Corriere della Sera, 19 gennaio 2017
La nota agli agenti: «Non lasciate sotto il sole le auto blindate»
Circolano in strada per vigilare sulla sicurezza dei cittadini, giorno e notte, e sfrecciano in inseguimenti a tutta velocità: sono le Gazzelle dei carabinieri e le Pantere della polizia.
A fine dicembre del 2016, l’ufficio tecnico-logistico della questura di Palermo ha emanato una serie di raccomandazioni sulle «Seat Leon 2.0 Tdi adibite al servizio del controllo del territorio» dal 2015. Nell’oggetto è precisato:«anomalie parabrezza blindato».

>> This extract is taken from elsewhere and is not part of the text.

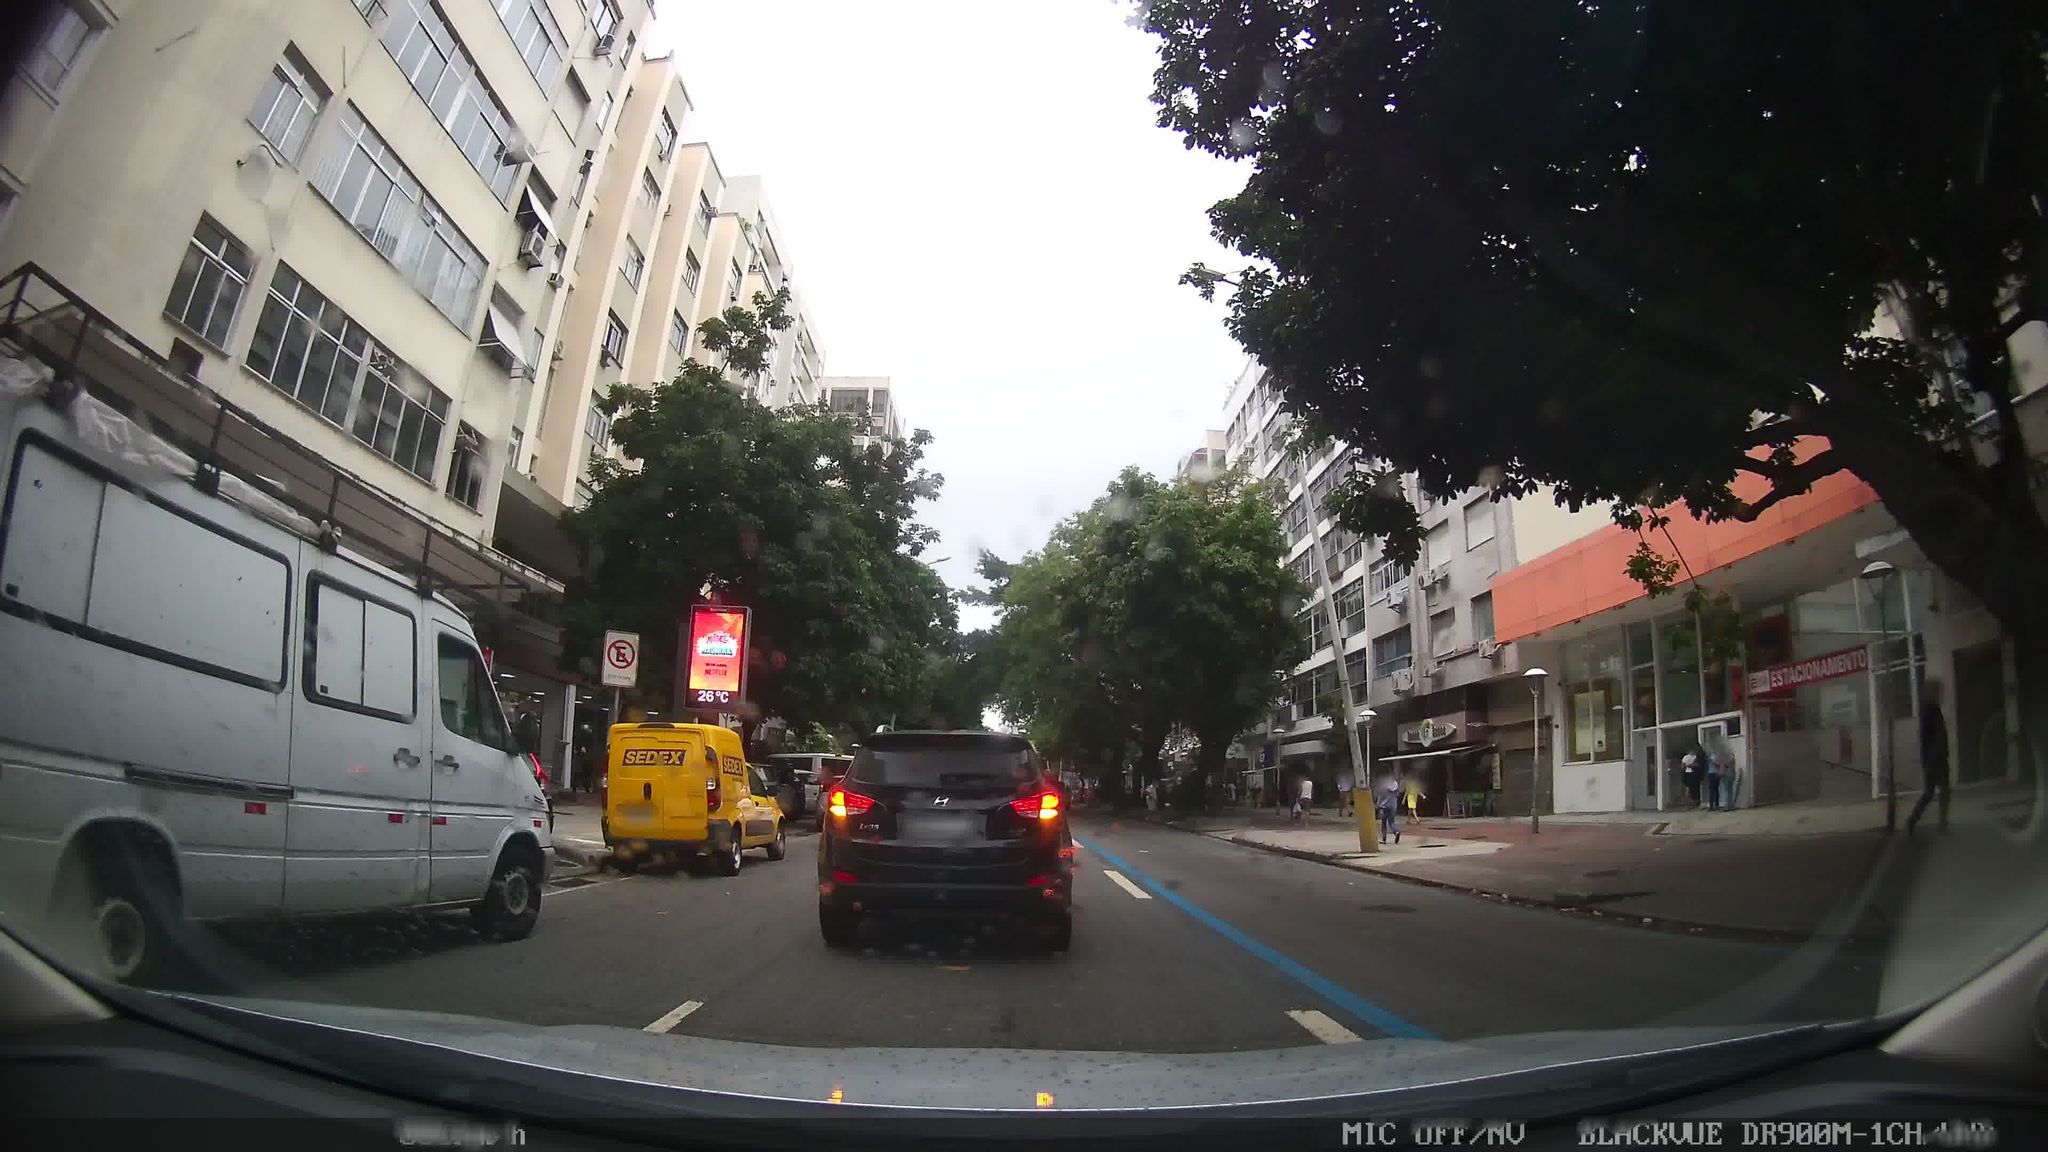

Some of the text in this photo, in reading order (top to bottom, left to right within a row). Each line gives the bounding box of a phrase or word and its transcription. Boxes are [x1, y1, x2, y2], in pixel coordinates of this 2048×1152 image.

La nota, inviata ai dirigenti dei commissariati di Palermo e provincia, dice: «È opportuno limitare il parcheggio prolungato della vettura al sole». E poi: «In caso non fosse possibile, assicurare la ventilazione dell’abitacolo abbassando leggermente i cristalli laterali». Il motivo? «Prevenire il deterioramento del parabrezza/cristalli laterali/parete divisoria dell’auto con conseguente perdita della garanzia».

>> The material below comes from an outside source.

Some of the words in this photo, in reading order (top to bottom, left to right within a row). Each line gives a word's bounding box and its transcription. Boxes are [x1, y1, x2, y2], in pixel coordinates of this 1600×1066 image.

Raccomandazioni che, però, sono criticate dalla Confederazione sindacale autonoma di Polizia (Consap). «Lavoriamo tante ore al giorno dentro queste auto rischiando la vita – spiega Igor Gelarda, dirigente nazionale del Consap – e ora ci dicono che i guidatori dovrebbero preoccuparsi di parcheggiare all’ombra, magari prima di un arresto? In Sicilia in estate il sole picchia anche mentre circoliamo regolarmente e che succede in questi casi? Linee guida simili si potrebbero accettare per auto da museo e non per Volanti che devono essere pronte a tutto. Poi i poliziotti devono operare sereni e non con il pensiero rivolto alla garanzia che decade. Chiediamo che, almeno, i parabrezza siano controllati ogni sei mesi».
Per Seat, le Leon delle forze di polizia, costate quasi 44 mila euro l’una, hanno superato test severi come girare per «oltre 30 mila km senza sosta».
Per Isoclima, produttrice dei parabrezza, sono state adottate «misure prudenziali per salvaguardare da stress termici tali da creare potenziali danni quali possibili delaminazioni». I parabrezza poi «sono quanto di meglio la tecnologia possa offrire, sono conformi ai capitolati di fornitura ed estremamente affidabili sia per la difesa dell’equipaggio sia per la guidabilità dell’auto e mettiamo a disposizione la nostra organizzazione tecnica ove e quando necessario».
Pure la direzione della motorizzazione del comando generale dell’Arma, a dicembre, ha inviato a tutti i comandi «linee guida» simili a quelle della polizia ma valide per tutte le «blindate in colori di serie e d’istituto». Si chiede di «astenersi dal riporre sopra al cruscotto porta strumenti oggetti rigidi che possano danneggiare lo strato interno del parabrezza» o «evitare di viaggiare con finestrini aperti».